- [PROMPT]
Write out the data word for word and omit every picture.

- [EXTRACTED MATERIAL]
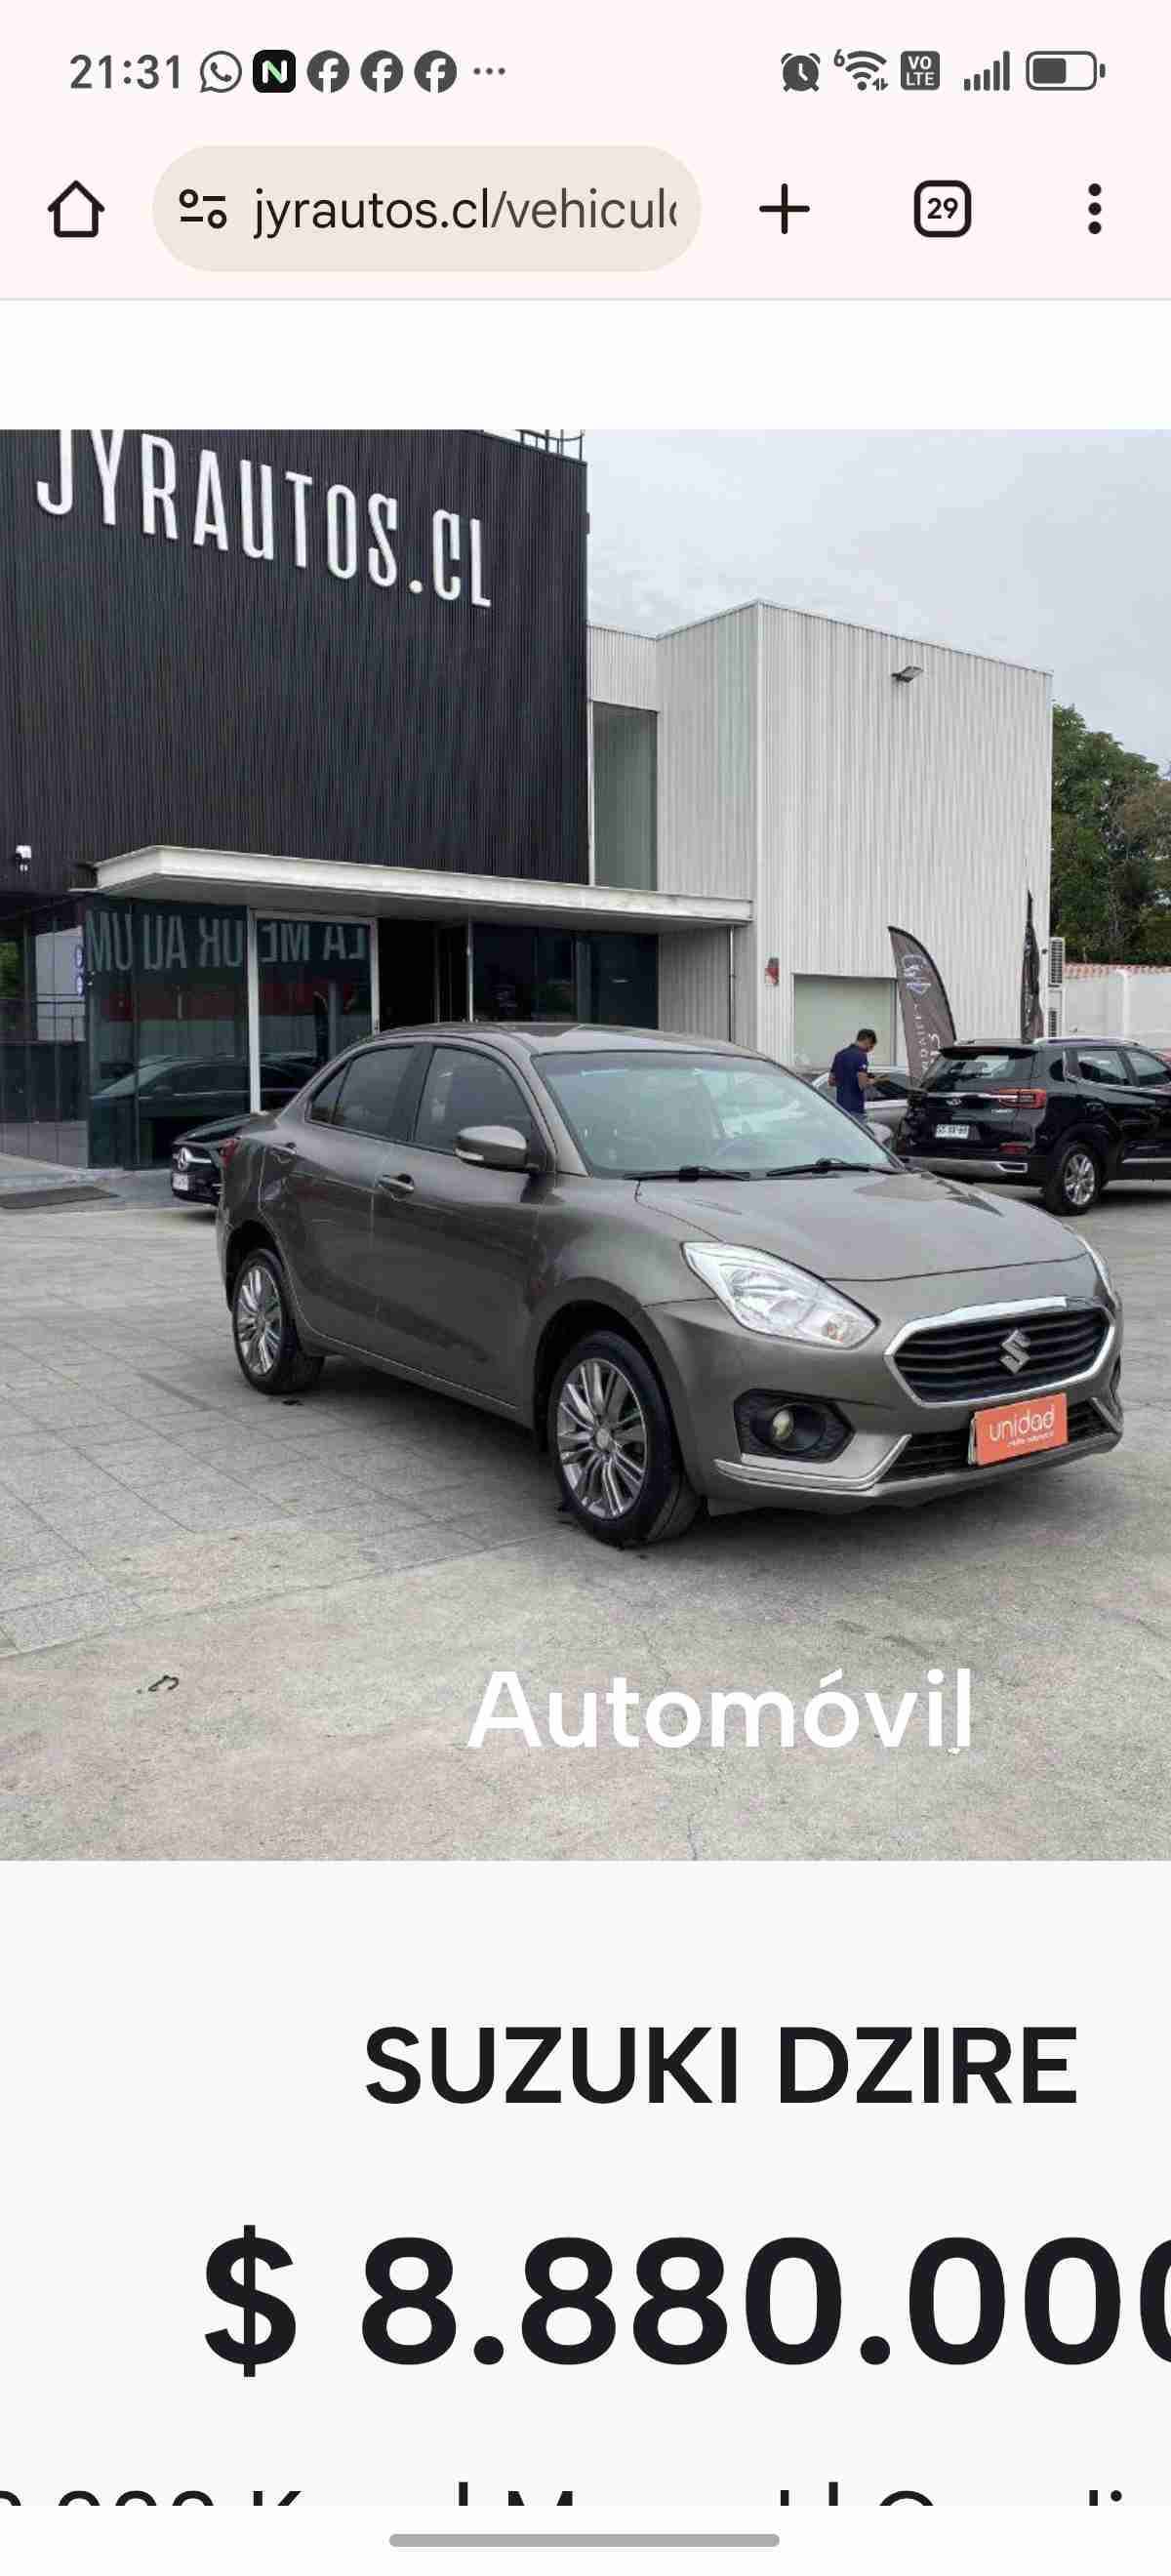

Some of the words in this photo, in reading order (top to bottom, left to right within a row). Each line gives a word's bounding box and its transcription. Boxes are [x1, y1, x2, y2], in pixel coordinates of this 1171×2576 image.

[69, 54, 180, 90] 21:31
[906, 72, 936, 87] LTE
[908, 56, 933, 71] VO
[927, 197, 959, 221] 29
[36, 429, 492, 607] JYRAUTOS.CL
[989, 1404, 1055, 1441] unidad
[366, 2026, 737, 2105] SUZUKI
[780, 2026, 1077, 2105] DZIRE
[204, 2224, 297, 2378] $

- [SOLUTION TO THE PROBLEM]
Some of the words in this photo, in reading order (top to bottom, left to right within a row). Each line gives a word's bounding box and its transcription. Boxes are [x1, y1, x2, y2], in pixel coordinates of this 1171×2576 image.

[69, 54, 180, 90] 21:31
[906, 72, 936, 87] LTE
[908, 56, 933, 71] VO
[927, 197, 959, 221] 29
[36, 429, 492, 607] JYRAUTOS.CL
[989, 1404, 1055, 1441] unidad
[366, 2026, 737, 2105] SUZUKI
[780, 2026, 1077, 2105] DZIRE
[204, 2224, 297, 2378] $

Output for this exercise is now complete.